**To do:** Could every line of the listing be output exactly, with the pictures skipped?

**Provided records:**
····················
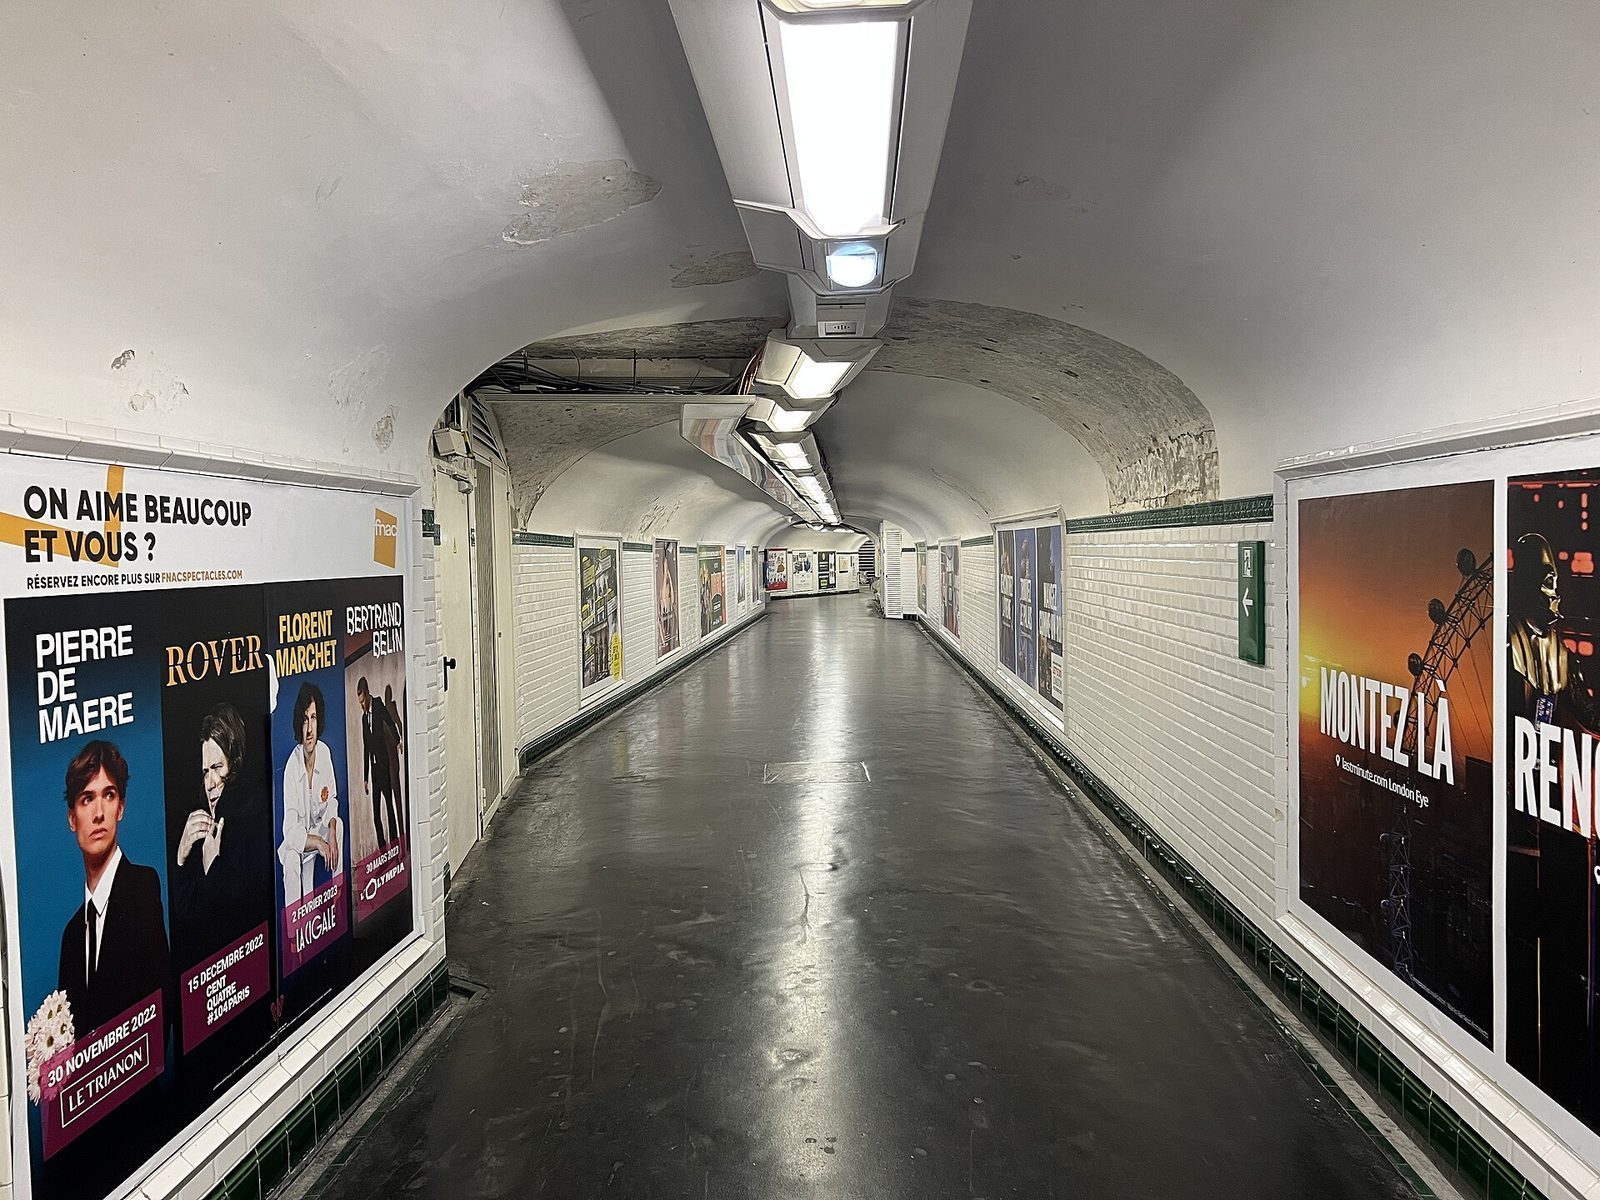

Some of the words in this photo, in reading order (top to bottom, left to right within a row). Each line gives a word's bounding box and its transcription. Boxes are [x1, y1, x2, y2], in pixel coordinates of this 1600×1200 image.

[23, 485, 68, 520] ON
[76, 490, 138, 523] AIME
[145, 494, 252, 526] BEAUCOUP
[25, 530, 57, 563] ET
[65, 530, 138, 562] VOUS
[144, 532, 156, 561] ?
[375, 519, 398, 537] fnac
[27, 574, 79, 590] RÉSERVEZ
[81, 574, 119, 586] ENCORE
[121, 573, 143, 585] PLUS
[144, 573, 160, 584] SUR
[161, 569, 243, 583] FNACSPECTACLES.COM
[279, 610, 333, 644] FLORENT
[346, 602, 402, 636] BERTRAND
[36, 624, 133, 668] PIERRE
[166, 635, 263, 687] ROVER
[276, 639, 337, 678] MARCHET
[373, 627, 403, 658] BELIN
[37, 667, 76, 706] DE
[39, 692, 134, 744] MAERE
[1320, 667, 1409, 768] MONTEZ
[1416, 679, 1455, 786] LÀ
[1341, 757, 1388, 789] lastminute.com
[1388, 778, 1414, 802] London
[1415, 790, 1429, 809] Eye
[365, 863, 373, 874] 30
[373, 853, 387, 870] MARS
[388, 845, 399, 860] 2023
[291, 911, 297, 923] 2
[297, 895, 323, 920] FEVRIER
[323, 884, 338, 902] 2023
[188, 975, 199, 993] 15
[200, 945, 245, 985] DECEMBRE
[245, 933, 264, 956] 2022
[206, 975, 226, 997] CENT
[206, 982, 236, 1011] QUATRE
[207, 986, 250, 1026] #104PARIS
[47, 1065, 64, 1088] 30
[65, 1021, 131, 1077] NOVEMBRE
[131, 1004, 156, 1033] 2022
[69, 1087, 85, 1112] LE
[85, 1046, 142, 1098] TRIANON
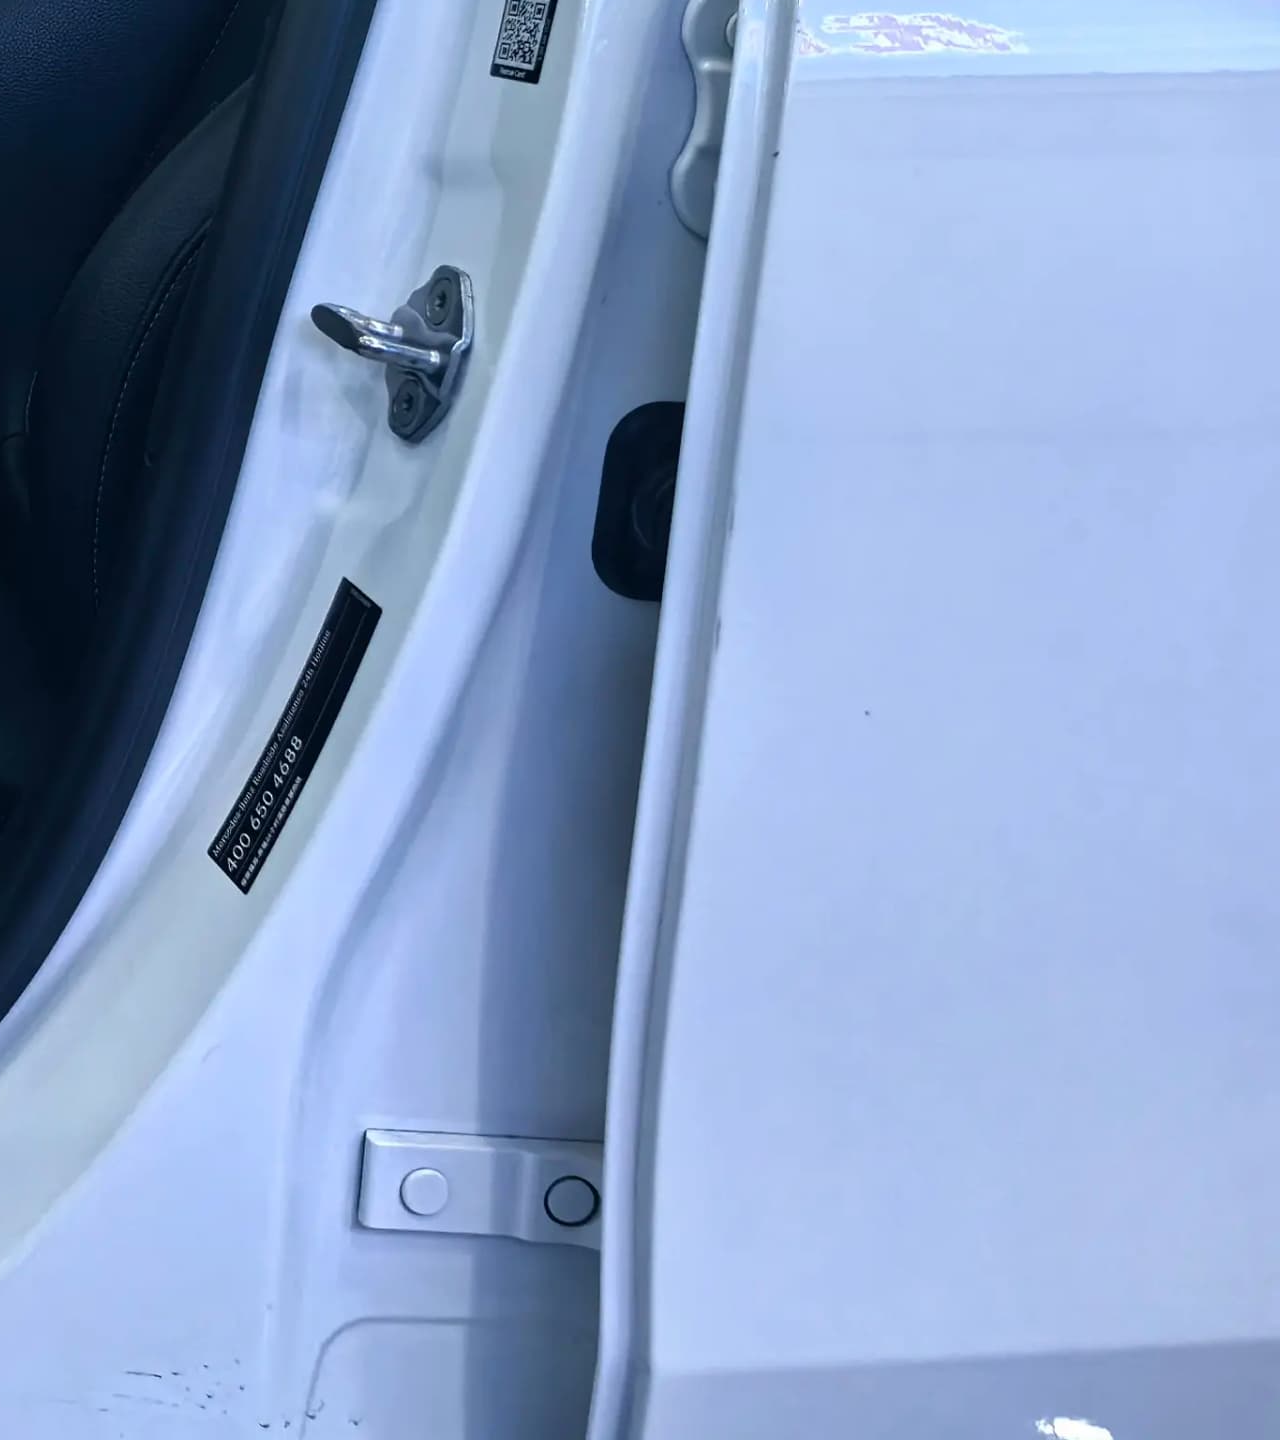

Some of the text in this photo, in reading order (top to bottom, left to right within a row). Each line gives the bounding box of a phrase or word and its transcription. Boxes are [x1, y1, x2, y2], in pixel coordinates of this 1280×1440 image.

[227, 735, 303, 873] 400 650 4688
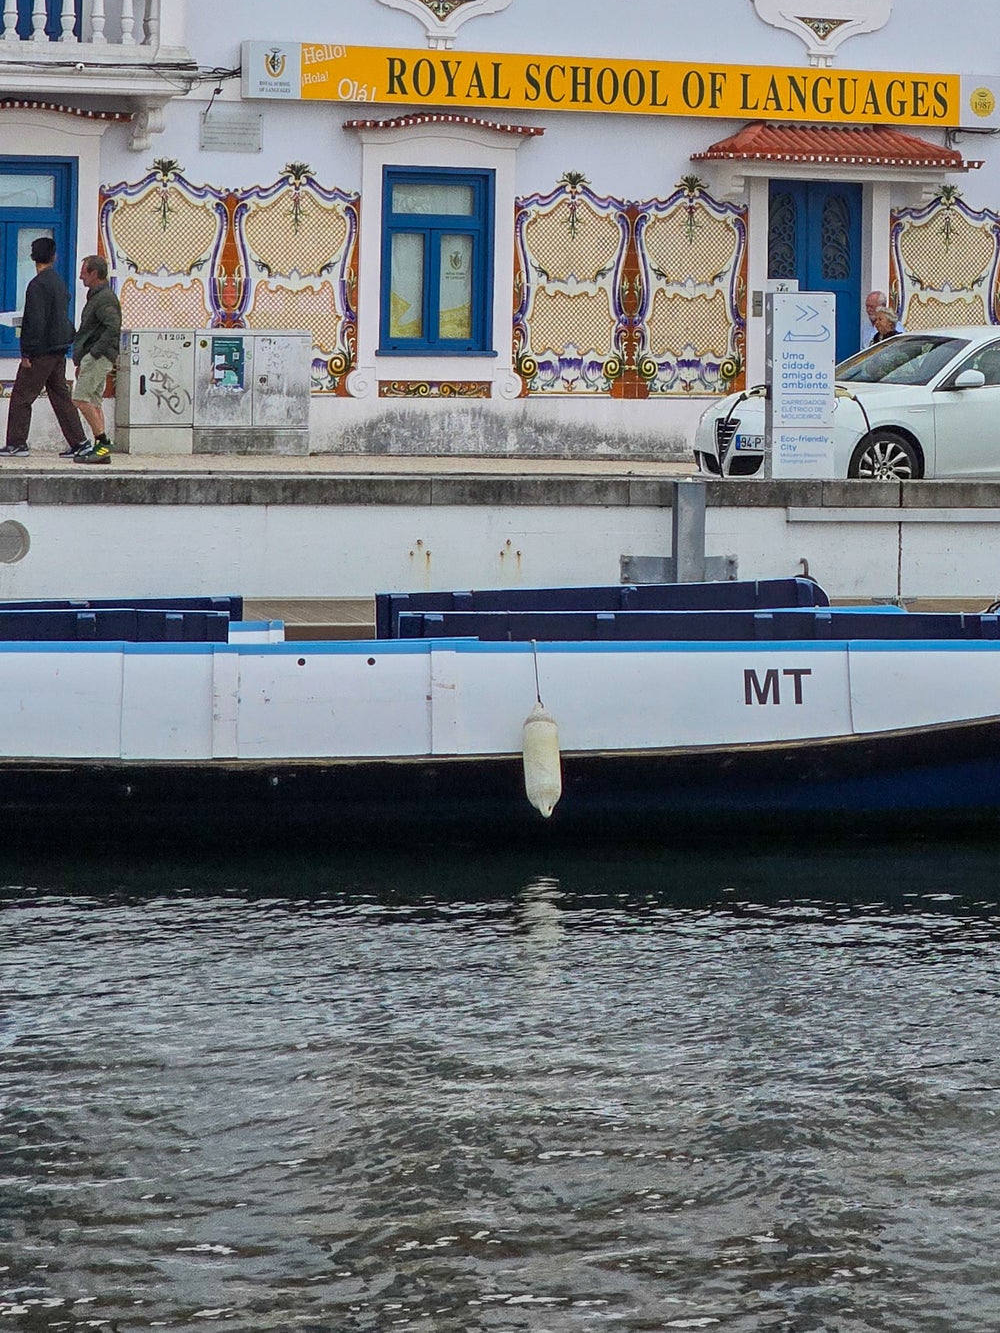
····················
**Exercise answer:**
Some of the words in this photo, in reading order (top to bottom, left to right within a row). Each line gives a word's bounding box and its transcription. Boxes are [x1, y1, x2, y2], in pixel coordinates of this 1600×1200 image.

[23, 485, 68, 520] ON
[76, 490, 138, 523] AIME
[145, 494, 252, 526] BEAUCOUP
[25, 530, 57, 563] ET
[65, 530, 138, 562] VOUS
[144, 532, 156, 561] ?
[375, 519, 398, 537] fnac
[27, 574, 79, 590] RÉSERVEZ
[81, 574, 119, 586] ENCORE
[121, 573, 143, 585] PLUS
[144, 573, 160, 584] SUR
[161, 569, 243, 583] FNACSPECTACLES.COM
[279, 610, 333, 644] FLORENT
[346, 602, 402, 636] BERTRAND
[36, 624, 133, 668] PIERRE
[166, 635, 263, 687] ROVER
[276, 639, 337, 678] MARCHET
[373, 627, 403, 658] BELIN
[37, 667, 76, 706] DE
[39, 692, 134, 744] MAERE
[1320, 667, 1409, 768] MONTEZ
[1416, 679, 1455, 786] LÀ
[1341, 757, 1388, 789] lastminute.com
[1388, 778, 1414, 802] London
[1415, 790, 1429, 809] Eye
[365, 863, 373, 874] 30
[373, 853, 387, 870] MARS
[388, 845, 399, 860] 2023
[291, 911, 297, 923] 2
[297, 895, 323, 920] FEVRIER
[323, 884, 338, 902] 2023
[188, 975, 199, 993] 15
[200, 945, 245, 985] DECEMBRE
[245, 933, 264, 956] 2022
[206, 975, 226, 997] CENT
[206, 982, 236, 1011] QUATRE
[207, 986, 250, 1026] #104PARIS
[47, 1065, 64, 1088] 30
[65, 1021, 131, 1077] NOVEMBRE
[131, 1004, 156, 1033] 2022
[69, 1087, 85, 1112] LE
[85, 1046, 142, 1098] TRIANON

Some of the text in this photo, in reading order (top to bottom, left to right within a row). Each line gives the bounding box of a phrase or word and its transcription. Boxes are [x1, y1, x2, y2], in pixel coordinates of this 1280×1440 image.

[227, 735, 303, 873] 400 650 4688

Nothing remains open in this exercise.